EXERCISE AIM
Please copy the entries below word for word, leaving out any image.

(SOURCE INFORMATION begins)

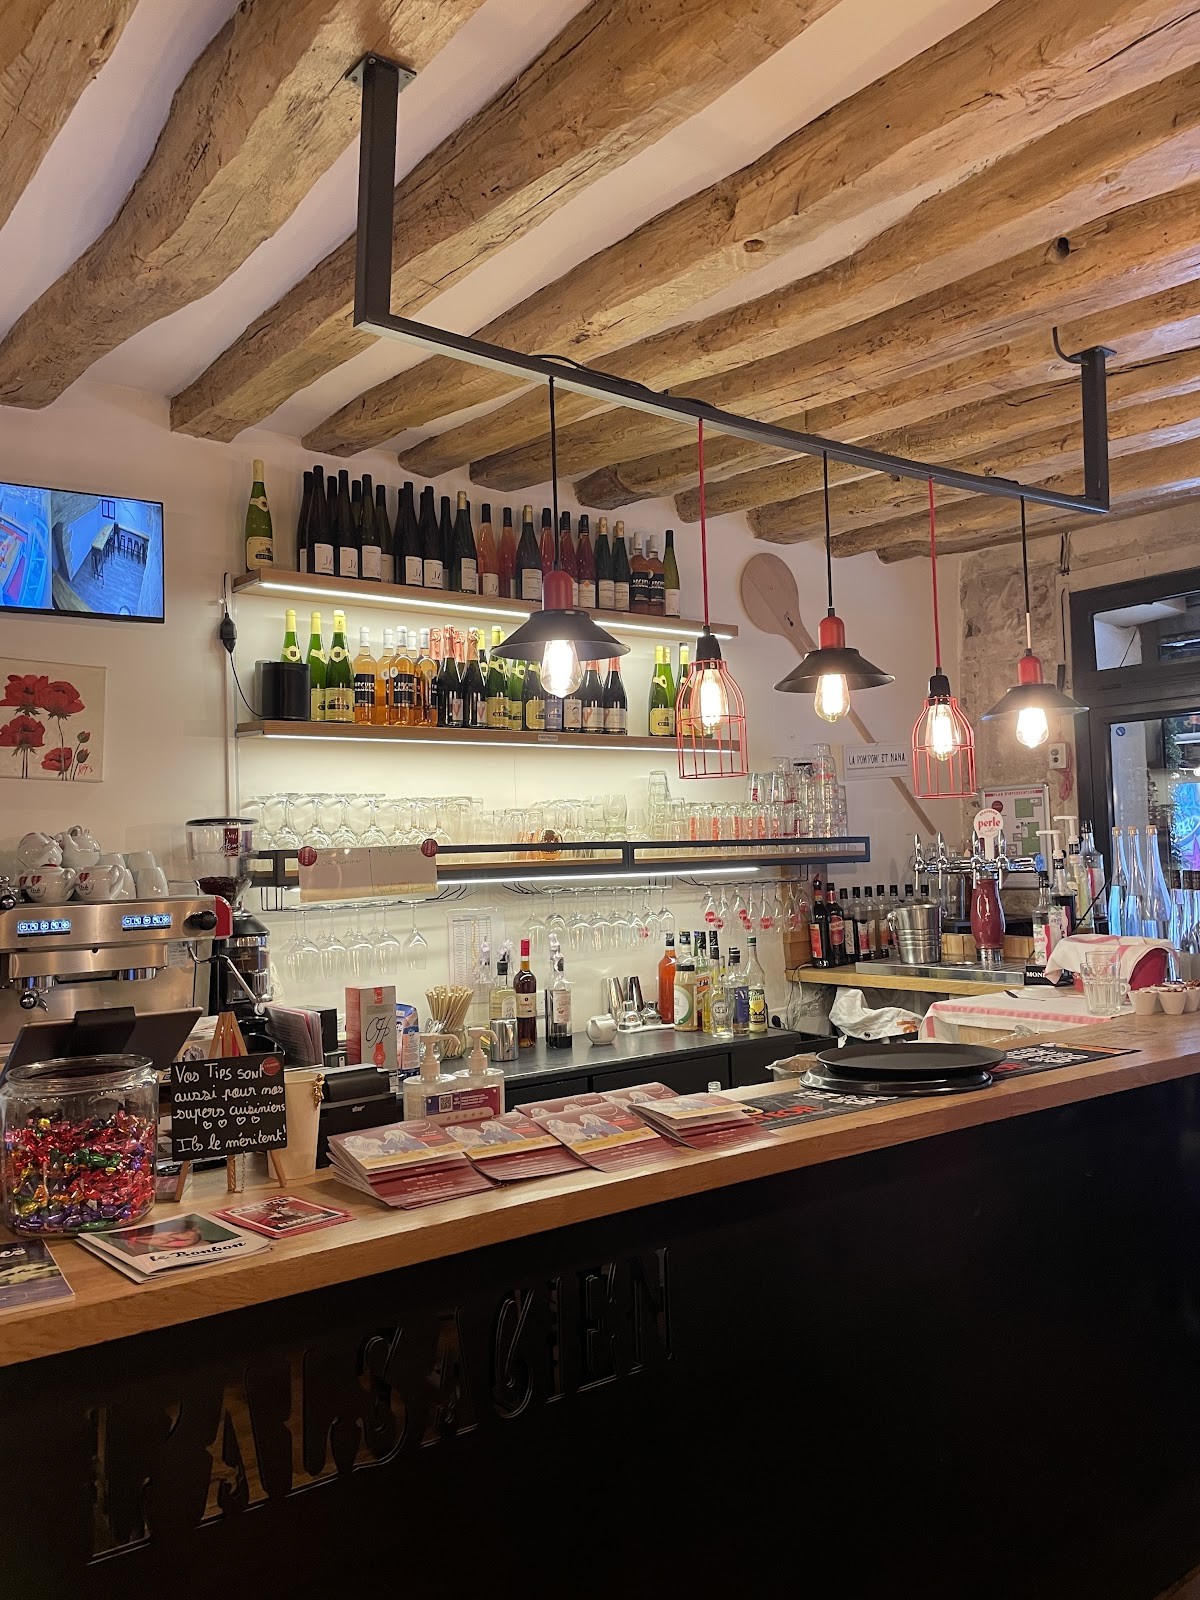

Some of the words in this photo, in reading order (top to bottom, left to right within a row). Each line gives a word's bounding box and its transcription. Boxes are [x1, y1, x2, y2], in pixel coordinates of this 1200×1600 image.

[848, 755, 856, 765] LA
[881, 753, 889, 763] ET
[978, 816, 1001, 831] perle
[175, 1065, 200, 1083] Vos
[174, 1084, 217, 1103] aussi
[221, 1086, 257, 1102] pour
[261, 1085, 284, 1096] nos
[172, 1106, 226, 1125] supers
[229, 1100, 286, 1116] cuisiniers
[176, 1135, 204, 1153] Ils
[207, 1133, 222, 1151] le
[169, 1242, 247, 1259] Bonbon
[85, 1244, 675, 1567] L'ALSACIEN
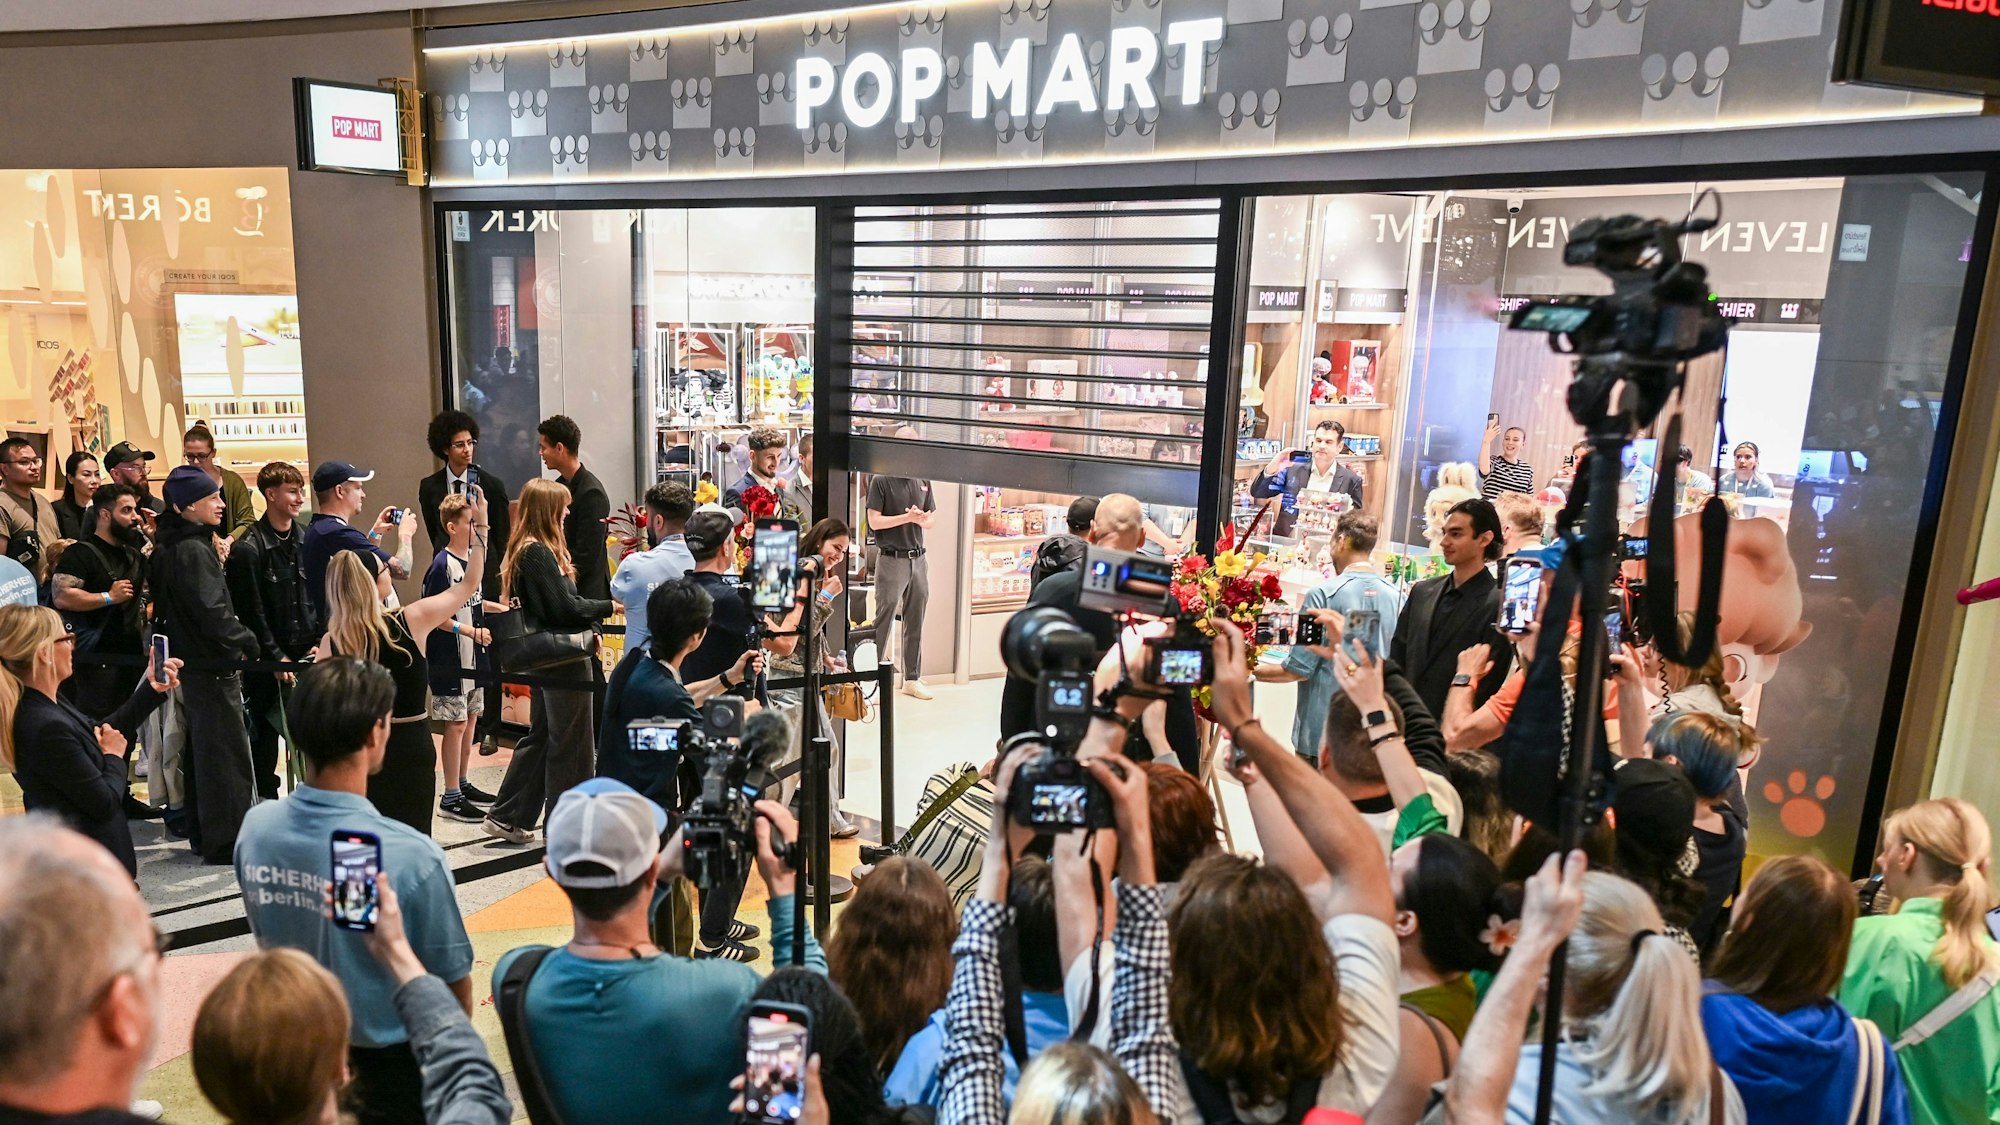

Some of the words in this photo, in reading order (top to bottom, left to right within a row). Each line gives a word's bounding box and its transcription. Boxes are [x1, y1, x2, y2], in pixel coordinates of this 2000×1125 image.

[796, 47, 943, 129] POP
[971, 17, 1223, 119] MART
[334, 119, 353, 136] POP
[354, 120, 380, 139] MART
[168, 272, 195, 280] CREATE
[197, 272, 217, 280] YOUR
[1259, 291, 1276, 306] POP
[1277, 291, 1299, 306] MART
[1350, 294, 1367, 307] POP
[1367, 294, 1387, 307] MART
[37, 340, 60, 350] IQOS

(SOURCE INFORMATION ends)

RESULT FOR THIS EXERCISE
Some of the words in this photo, in reading order (top to bottom, left to right within a row). Each line gives a word's bounding box and its transcription. Boxes are [x1, y1, x2, y2], in pixel coordinates of this 1200×1600 image.

[848, 755, 856, 765] LA
[881, 753, 889, 763] ET
[978, 816, 1001, 831] perle
[175, 1065, 200, 1083] Vos
[174, 1084, 217, 1103] aussi
[221, 1086, 257, 1102] pour
[261, 1085, 284, 1096] nos
[172, 1106, 226, 1125] supers
[229, 1100, 286, 1116] cuisiniers
[176, 1135, 204, 1153] Ils
[207, 1133, 222, 1151] le
[169, 1242, 247, 1259] Bonbon
[85, 1244, 675, 1567] L'ALSACIEN

Some of the words in this photo, in reading order (top to bottom, left to right within a row). Each line gives a word's bounding box and its transcription. Boxes are [x1, y1, x2, y2], in pixel coordinates of this 2000×1125 image.

[796, 47, 943, 129] POP
[971, 17, 1223, 119] MART
[334, 119, 353, 136] POP
[354, 120, 380, 139] MART
[168, 272, 195, 280] CREATE
[197, 272, 217, 280] YOUR
[1259, 291, 1276, 306] POP
[1277, 291, 1299, 306] MART
[1350, 294, 1367, 307] POP
[1367, 294, 1387, 307] MART
[37, 340, 60, 350] IQOS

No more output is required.